Os produtos podem seguir para as fábricas de embalagens, gráficas, fábricas de outros produtos de papel e mercado em geral, por meio de distribuidoras ou diretamente, dependendo da estratégia comercial da empresa produtora.

A fabricação de outros produtos de papel (exceto embalagens) também está inserida nessa cadeia, devido à sua representatividade. Neste elo podem ser destacados produtos como formulários contínuos, envelopes, cadernos e etiquetas.

O elo de fabricação de embalagens de papel é representativo na cadeia produtiva de celulose e papel, entretanto, encontra-se fortemente vinculado, também, à indústria gráfica, dessa forma, a análise desse segmento produtivo será tratada na cadeia produtiva da indústria gráfica.

O mercado de celulose e papel é altamente concentrado em grandes empresas, por ser um setor intensivo em capital. Geralmente, estas empresas têm sua produção integrada, desde o plantio das florestas até a fabricação de produtos de papel. As florestas são certificadas e plantadas exclusivamente para uso industrial.

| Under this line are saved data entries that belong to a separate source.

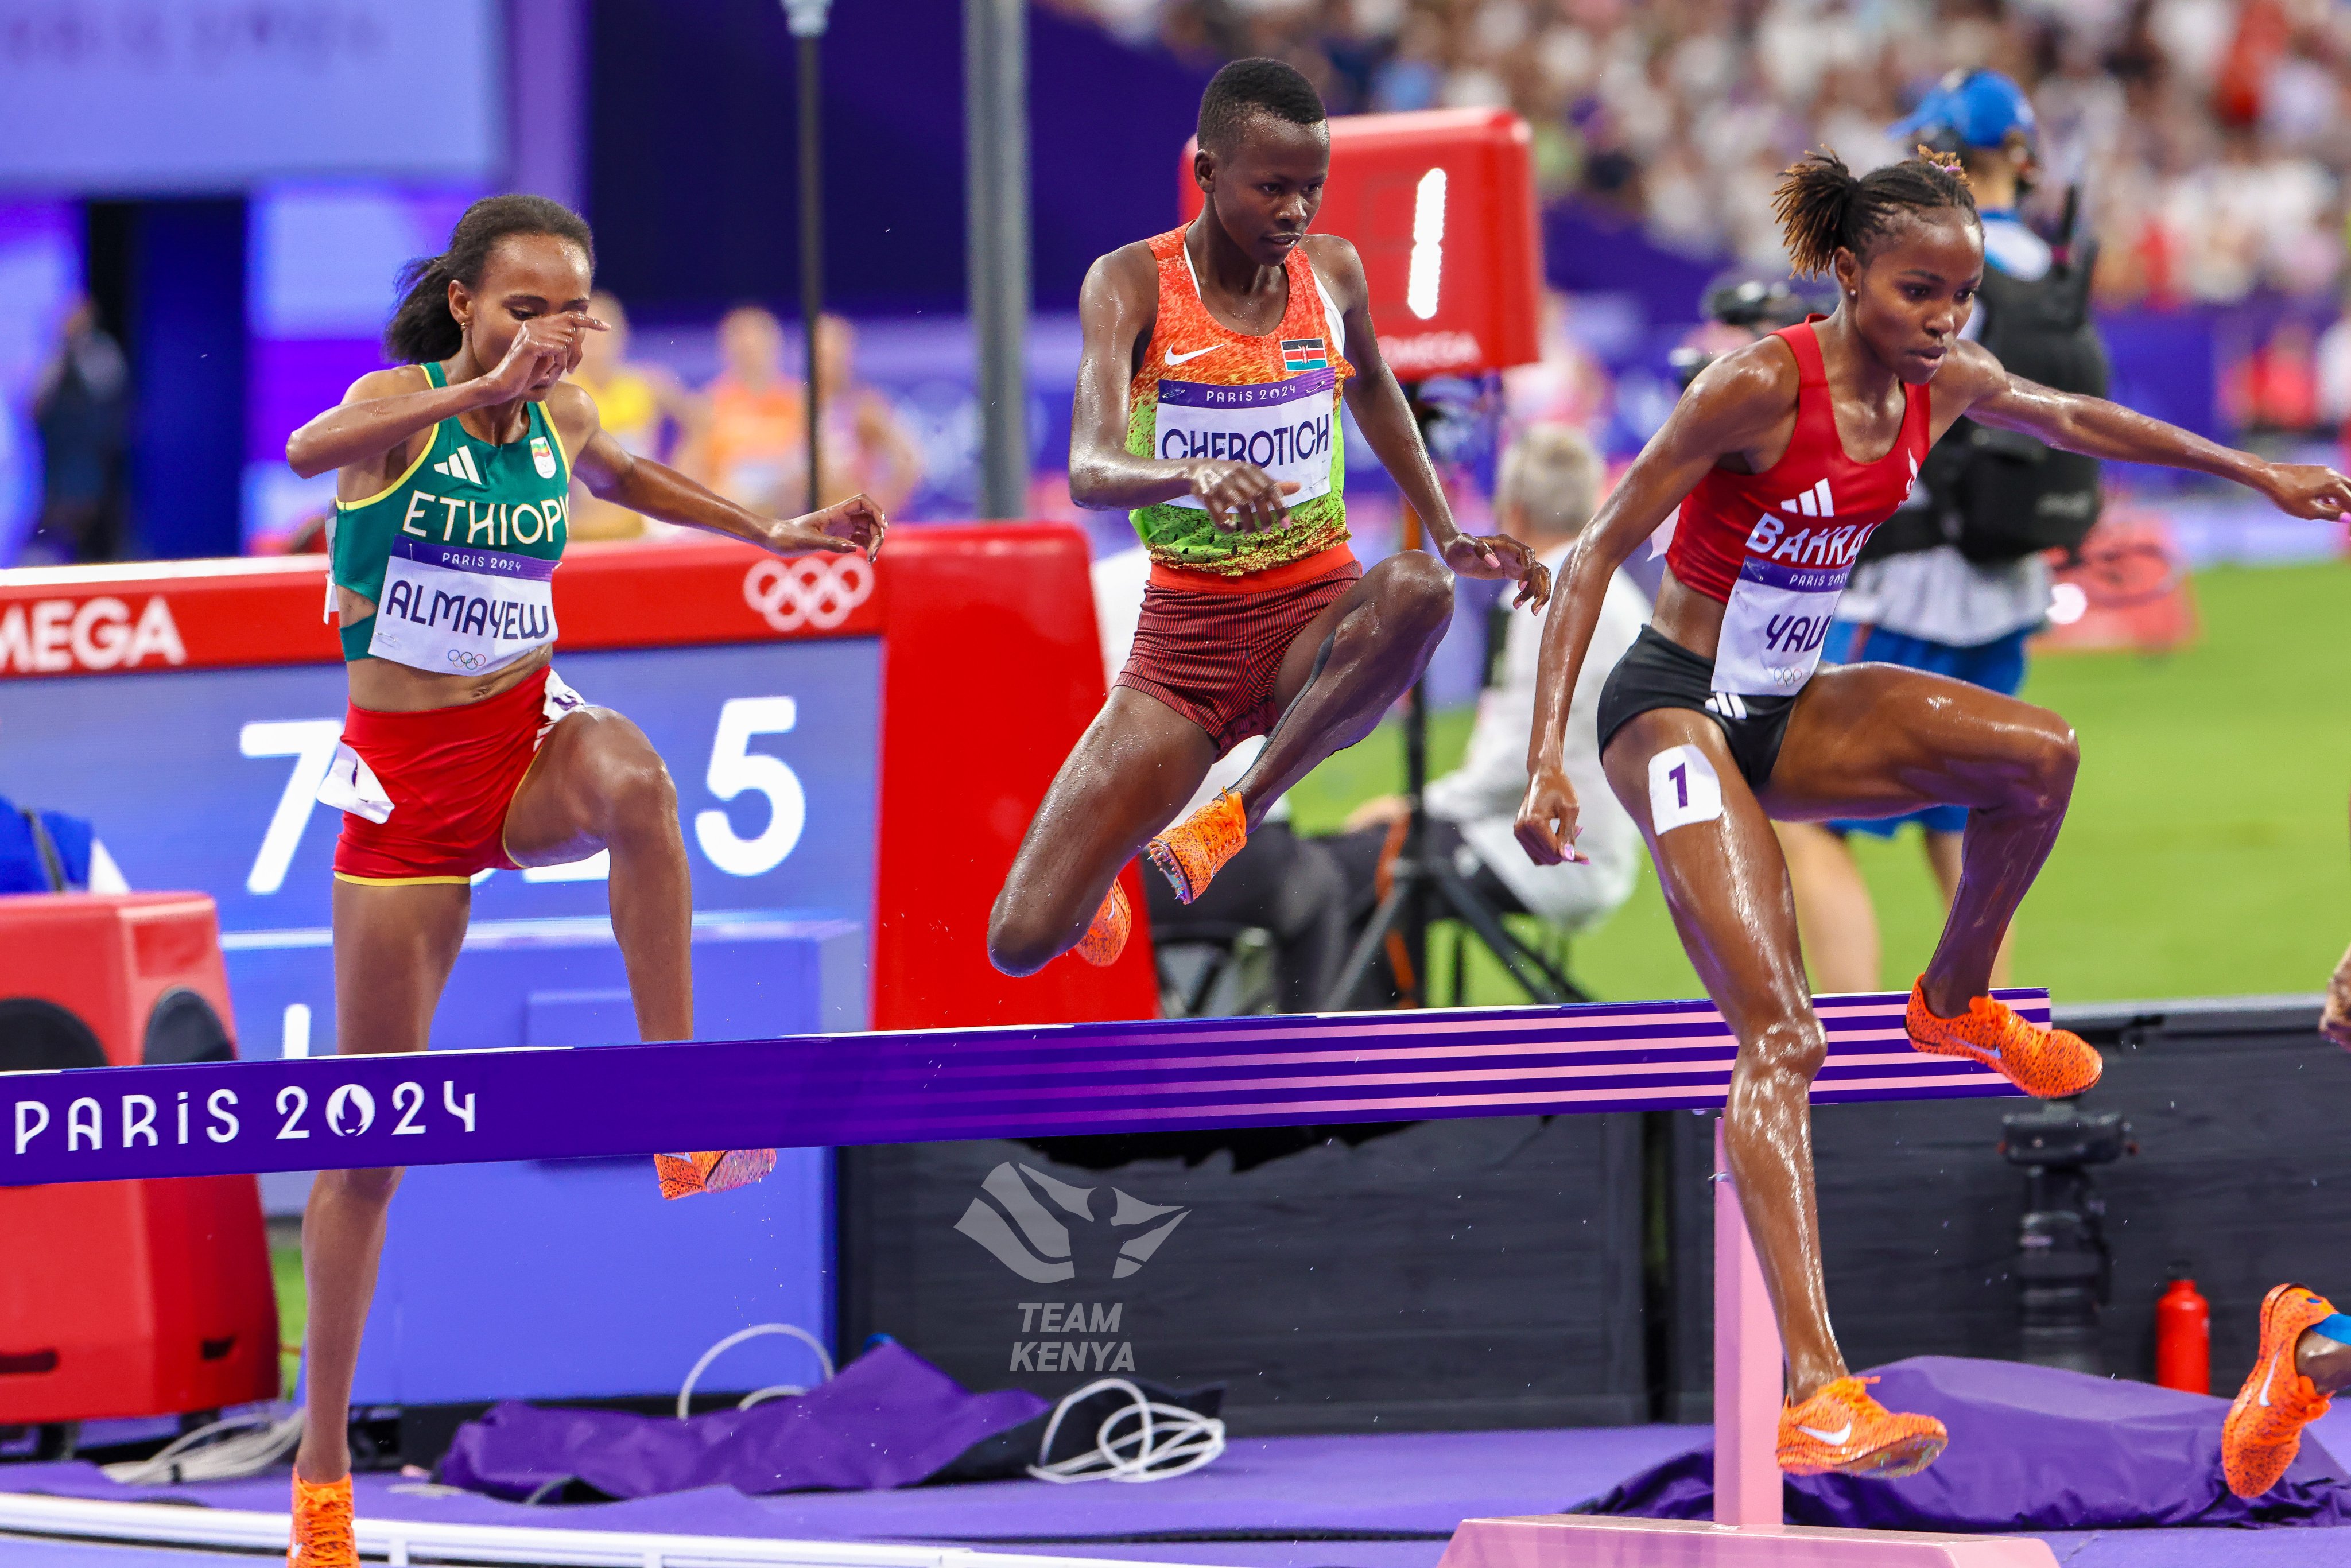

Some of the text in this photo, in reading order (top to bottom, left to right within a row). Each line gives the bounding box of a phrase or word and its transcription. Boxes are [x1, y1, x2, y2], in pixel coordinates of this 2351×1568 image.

[1407, 168, 1447, 319] 1
[1259, 384, 1296, 401] 2024
[1161, 413, 1329, 469] CHEROTICH
[402, 490, 569, 545] ETHIOPI
[1745, 511, 1883, 566] BAHRA
[490, 557, 521, 572] 2024
[386, 580, 549, 639] ALMAYEW
[1669, 762, 1688, 809] 1
[274, 1080, 476, 1140] 2024

Existem empresas que produzem apenas celulose e que destinam sua produção basicamente ao mercado externo. Por fim, há empresas que produzem apenas papel, comprando a celulose de outras empresas. Nesse caso, observa-se a atuação de empresas de menor porte.



3. Atores
Na Classificação Nacional de Atividades Econômicas, a cadeia de celulose e papel está inserida na seção C, da Indústria de Transformação, na Divisão 17, de Fabricação de Celulose, Papel e Produtos de Papel, lembrando que a fabricação de embalagens será considerada na análise da indústria gráfica, portanto, exclui-se o grupo 173.

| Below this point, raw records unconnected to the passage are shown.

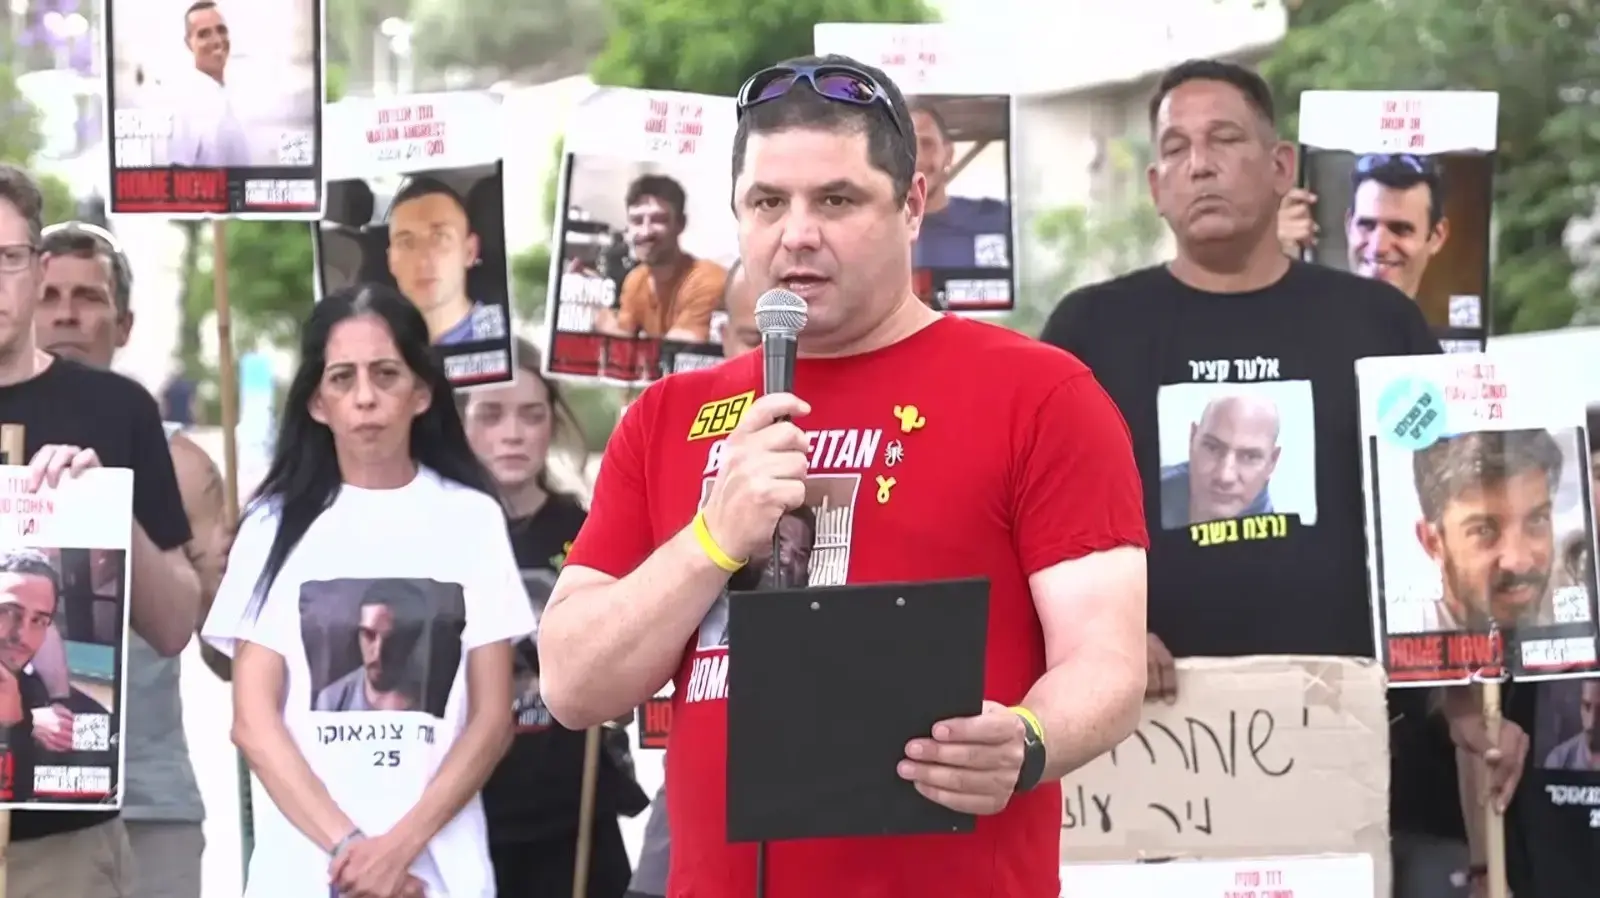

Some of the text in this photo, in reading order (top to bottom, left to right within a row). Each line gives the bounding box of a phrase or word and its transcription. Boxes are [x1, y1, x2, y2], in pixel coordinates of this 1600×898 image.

[118, 171, 169, 200] HOME
[1187, 355, 1280, 383] אלעד קציר
[690, 396, 749, 438] 589
[17, 498, 54, 514] COHEN
[1190, 514, 1287, 547] נרצח בשבי
[1388, 636, 1442, 669] HOME
[686, 656, 729, 704] HOM
[373, 750, 400, 767] 25
[1148, 796, 1213, 834] ניר

Acesse a tabela com todos os códigos da CNAE referentes à cadeia produtiva da celulose e papel.



4. Produtos
Para identificar os produtos na Nomenclatura Comum do MERCOSUL (NCM), os capítulos 47, de pastas de madeira ou de outras matérias fibrosas celulósicas; papel ou cartão para reciclar (desperdícios e aparas) e 48, de papel e cartão: obra de pastas de celulose, de papel ou de cartão, da Tarifa Externa Comum (TEC) trata sobre a cadeia produtiva de celulose e papel.